Ребенок, вполне благополучно родившийся осенью 1983 года, был назван Рони в честь погибшего отца Хагар, несмотря на сомнения ее матери в правильности такого выбора. Хагар успешно окончила подготовительные курсы, но начать учебу на отделении кинематографии не смогла, потому что бабушке Наоми, хотя она и была молода душой, ухаживать за младенцем оказалось не под силу. Когда ночью ребенок плакал, Хагар спала как убитая и вставать к нему приходилось Наоми, отчего она совсем сбилась с ног, и Хагар пришлось вскоре после рождения сына вернуться в киббуц. К тому же оказалось, что информация, поступавшая от Ирис, касательно помощи Министерства обороны, несколько преувеличена. Отдел по оказанию содействия родственникам павших был не настолько либерален, чтобы взять на себя содержание «незаконнорожденного», и после длительного обивания порогов Хагар удалось добиться лишь увеличения пенсии, которую она получала как дочь погибшего на войне.
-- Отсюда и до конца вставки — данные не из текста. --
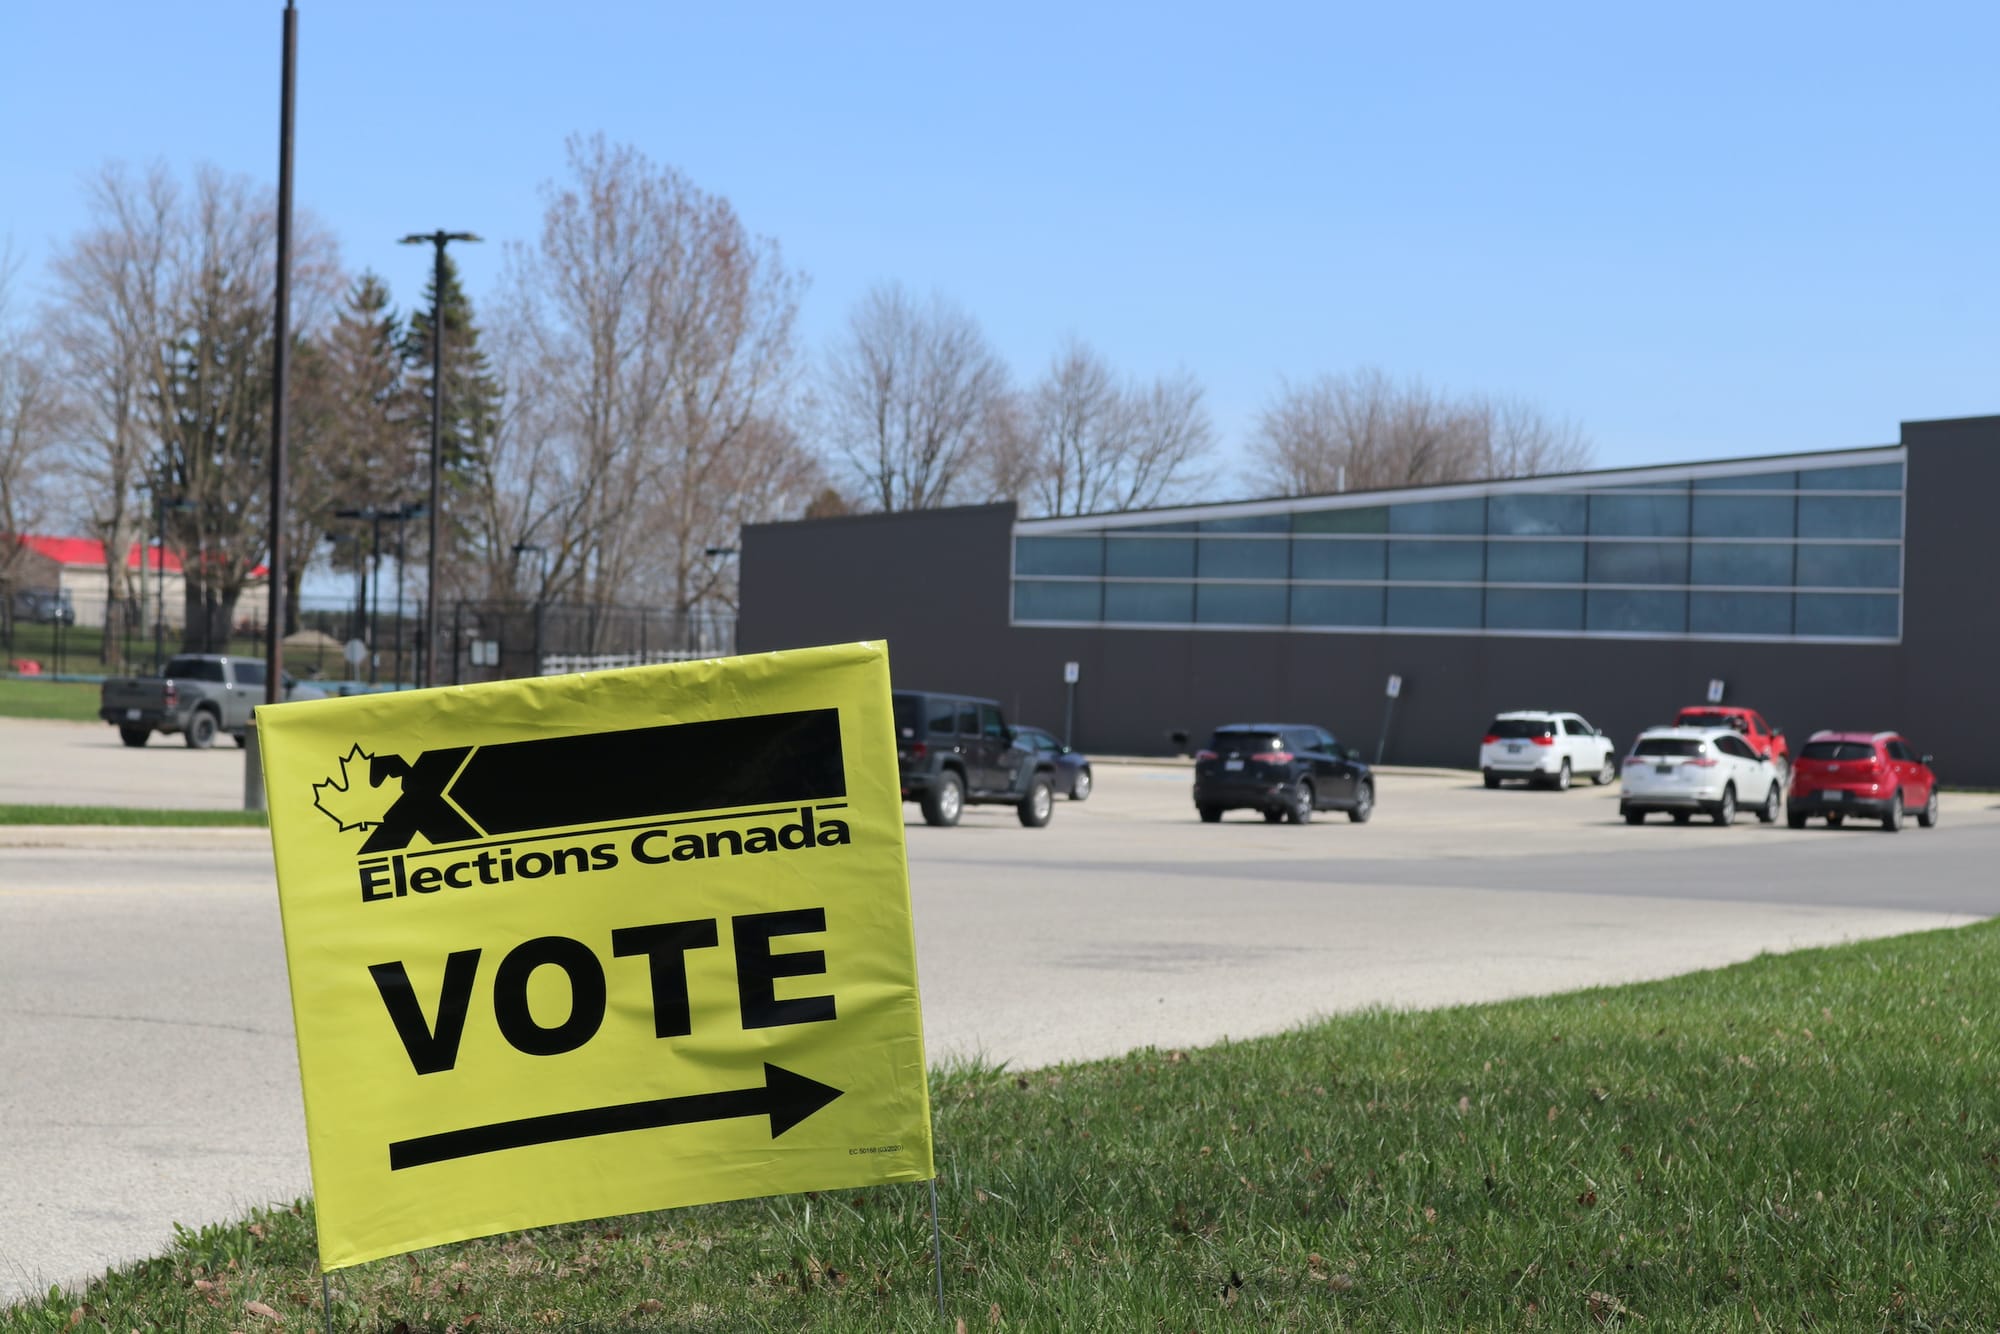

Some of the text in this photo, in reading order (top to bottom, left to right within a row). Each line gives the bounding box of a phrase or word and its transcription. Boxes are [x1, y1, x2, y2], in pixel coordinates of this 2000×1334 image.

[359, 805, 851, 903] Elections Canada
[367, 906, 838, 1076] VOTE
Эфраим Мани упорно отказывался жениться на Хагар, потому что считал себя обманутым. Он согласился признать ребенка в плане формальном (но не «эмоциональном», как он выражался) и обязался выделять на его содержание треть своей официальной зарплаты (в 1987 году это составляло четыреста шекелей). В отличие от Эфраима, его отец, Габриэль Мани, или «господин Мани», как продолжала называть его про себя Хагар, привязался к внуку и время от времени наезжал поиграть с ребенком. На эти посещения, участившиеся после отъезда Эфраима в Англию для продолжения учебы, наложили свой отпечаток и особые отношения, установившиеся у Габриэля Мани с Яэль.
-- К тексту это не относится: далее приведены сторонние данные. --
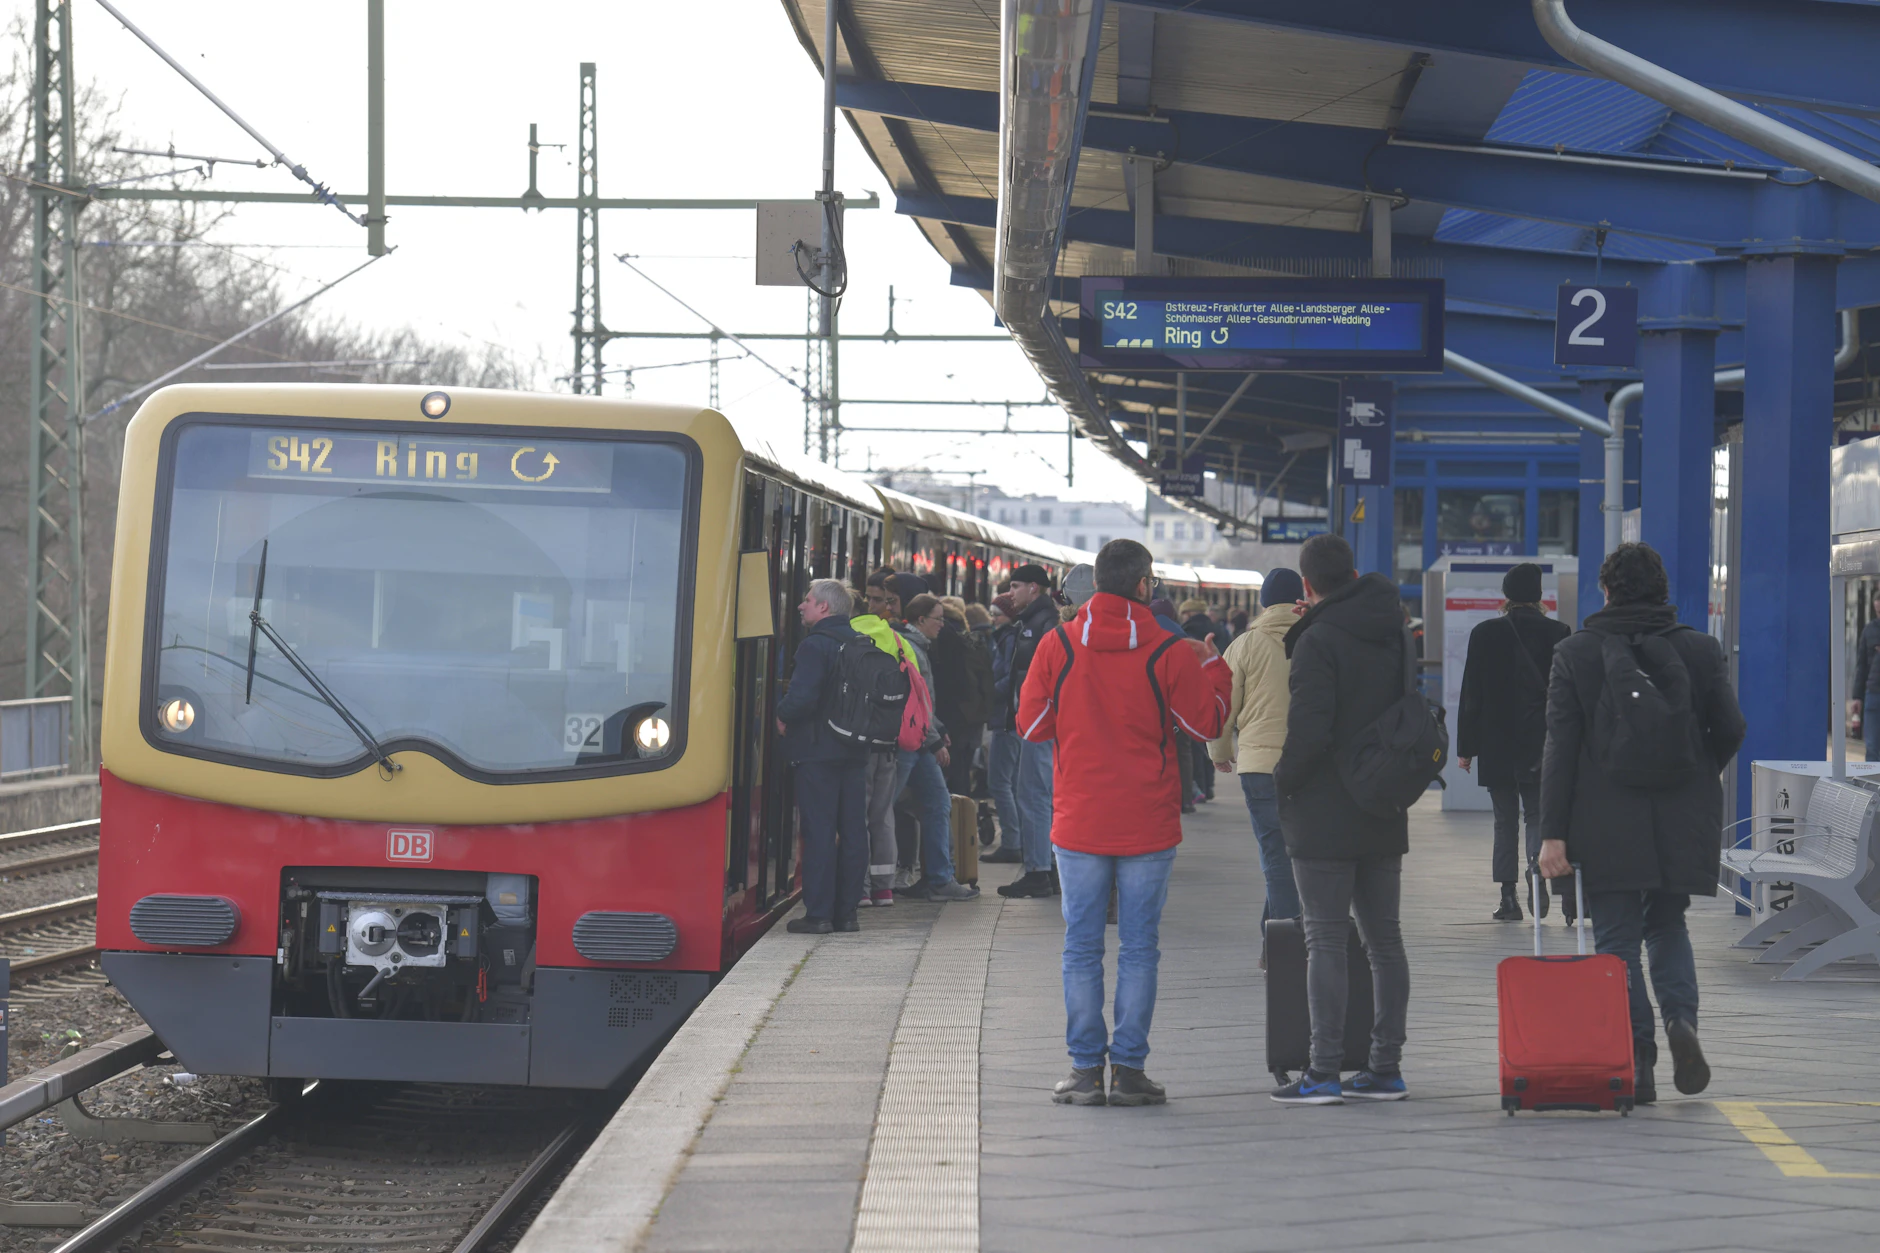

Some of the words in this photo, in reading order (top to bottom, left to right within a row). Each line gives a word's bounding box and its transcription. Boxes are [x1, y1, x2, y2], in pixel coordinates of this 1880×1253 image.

[1103, 301, 1138, 320] S42
[1165, 313, 1223, 323] Schönhauser
[1568, 288, 1606, 346] 2
[1165, 326, 1201, 349] Ring
[267, 436, 333, 474] S42
[376, 440, 478, 480] Ring
[566, 716, 601, 747] 32
[393, 834, 428, 857] DB
[1770, 817, 1794, 912] Aball
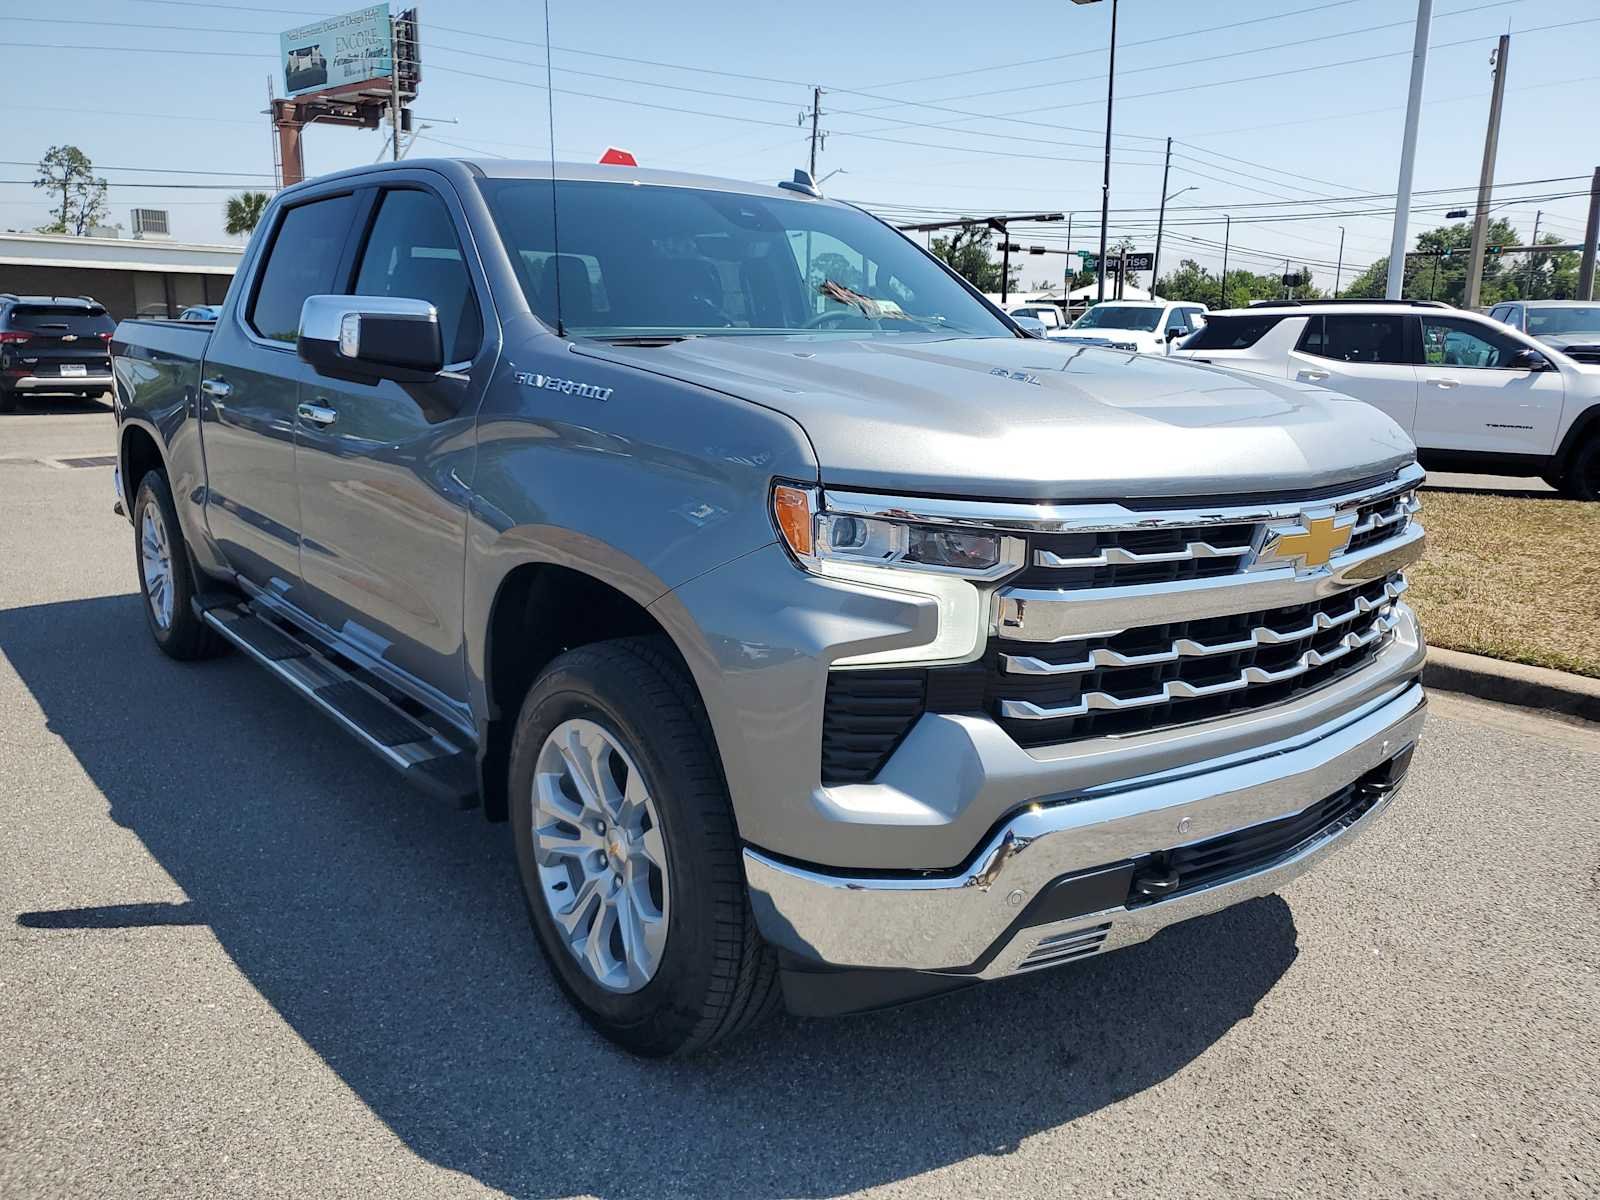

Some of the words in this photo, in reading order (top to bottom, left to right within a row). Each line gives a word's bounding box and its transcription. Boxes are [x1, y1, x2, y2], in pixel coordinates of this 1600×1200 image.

[335, 27, 380, 53] ENCORE
[1086, 255, 1149, 270] enerrise
[514, 370, 614, 401] SILVERADO
Хагар, которая первое время чувствовала себя в киббуце одиноко и сиротливо, все же, когда ребенку исполнилось шесть лет, поступила в Беэр-Шевский университет. Она подала документы на два отделения – истории еврейского народа и педагогики. Благодаря тому, что она проучилась год на подготовительных курсах в Тель-Авивском университете, ее приняли, несмотря на то, что у нее не были сданы все экзамены на аттестат зрелости.
Сейчас ей двадцать восемь лет, она до сих пор не замужем, но и слышать не хочет о том, чтобы посещать сеансы психолога или, по крайней мере, обратиться к нему за советом, как настоятельно рекомендуют ей мать и подруги матери.
Яэль Шило. Когда Яэль стало известно, что ее дочь не беременна, на душе у нее полегчало. Она была очень рада, хотя пыталась и не показать этого в разговоре с Хагар. Но не прошло двух-трех недель, и Хагар, возобновившая связь с Эфраимом Мани, действительно забеременела. На этот раз она была не столь откровенной, и Яэль узнала об этом, когда уже поздно было даже думать о прерывании беременности.
Яэль встретила это известие неприязненно. Рождение ребенка она считала совершенно излишним и была уверена, что он послужит источником всяческих бед, которые свалятся на Хагар в будущем. К тому же она почему-то упорно воспринимала беременность дочери как некую провокацию, направленную лично против нее. Отказ Эфраима Мани жениться на Хагар был тоже, по мнению Яэль, оскорбительным и унизительным, но в силу прогрессивного воспитания, полученного ею, она не могла отрицать его право на такое решение. В первые месяцы беременности дочери Яэль все еще надеялась на чудо: а вдруг выкидыш, но этого не случилось. После рождения ребенка в начале октября 1983 года Яэль радовалась в душе, что Хагар не возвращается в киббуц и пытается продолжать учебу в университете. Но вскоре стало ясно, что семидесятипятилетней бабушке с ребенком не справиться, и спустя некоторое время Хагар пришлось бросить учебу и вернуться в Негев. Когда Яэль увидела, как ее дочь с младенцем выходят из грузовичка, который отвозил ящики с плодами авокадо в Тель-Авив, ее отношение к ребенку и к дочери в один миг резко переменилось, как будто ей открылся смысл происходящего, более глубокий, чем версии, которые роились в ее голове до сих пор. С этого момента она стала со всем усердием ухаживать за младенцем и помогать дочери.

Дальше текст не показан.